La ofensiva de Sánchez hacia los tribunales viene de lejos, se inició nada más llegar al palacio de la Moncloa al intentar someter al CGPJ con una reforma que le impidió la UE, después tildando al TS de vengativo por declararse contrario a los indultos de los secesionistas y al Tribunal de Cuentas como mera instancia administrativa por reclamar a los malversadores del independentismo el dinero de sus malversaciones varias.

El problema estructural del gobierno lo encontramos en el artículo 118 de la Constitución que señala explícitamente que “es obligado cumplir las sentencias y demás resoluciones firmes de los jueces y tribunales… prestar la colaboración requerida…y en la ejecución de lo resuelto.” Con arreglo a lo que dispone este artículo el equipo gubernamental ha estado violando permanentemente la Constitución al: 1º pretender un control del CGPJ por parte de una mayoría simple; 2º desoír el dictamen del TS al conceder unos indultos sin tener en cuenta los requisitos necesarios que señala la ley; 3º permitir que los secesionistas desarrollen su plan para que los malversadores no devuelvan el dinero y 4º no haber declarado el estado de excepción, que es el que le habilita para restringir los derechos fundamentales, en lugar del estado de alarma, claro que así evitaba el control parlamentario.

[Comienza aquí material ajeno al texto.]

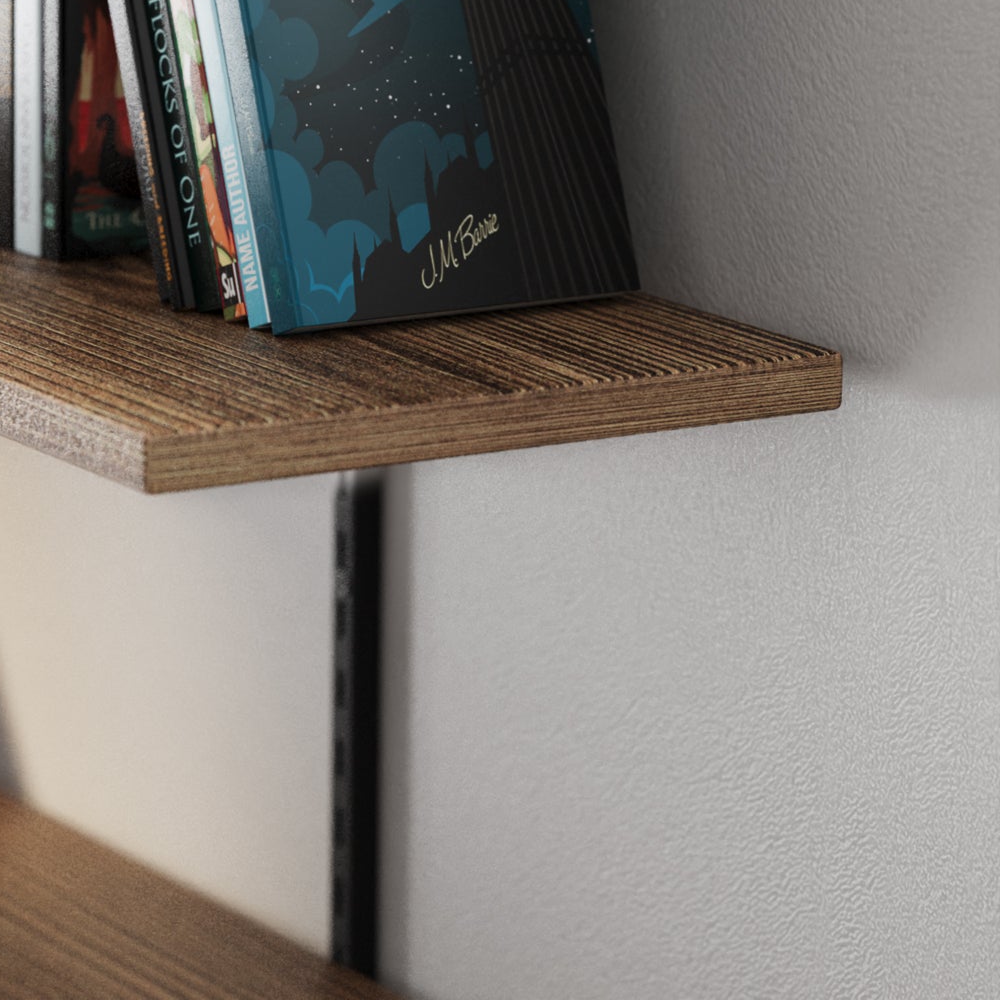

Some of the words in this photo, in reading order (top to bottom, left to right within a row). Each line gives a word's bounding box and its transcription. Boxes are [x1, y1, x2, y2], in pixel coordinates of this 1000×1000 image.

Este incumplimiento sistemático hace que la acción gubernamental haya sido arbitraria, que es precisamente lo que la Constitución prohíbe en su artículo 9.3 “… interdicción de la arbitrariedad de los poderes públicos.”

Llop

La nueva ministra de Justicia, Pilar Llop, en una declaración institucional justificaba el uso inconstitucional por la salvación de “cientos de miles de vidas”. No explicó la razón de porqué en el caso de haber sido decretado el estado de excepción la salvación de vidas hubiera sido menor, tampoco explicó las razones de porqué el control parlamentario era contraproducente para salvar esas vidas. Lo que resulta verdaderamente obsceno y extravagante es el alarde en la salvación de vidas, cuando España por la mala gestión de la pandemia ha estado a la cabeza de los países desarrollados en: contagios, muertes, colapso sanitario, lentitud en la vacunación y control fronterizo.

La ministra de Defensa Margarita Robles fue mucho más allá, mientras que su colega de Justicia se había limitado a hacer propaganda, ella tachaba la sentencia del TC como “elucubraciones doctrinales” y además acusó a los miembros del tribunal de “carecer de sentido de Estado” (imagino que solo se refería a aquellos que habían votado a favor de la resolución).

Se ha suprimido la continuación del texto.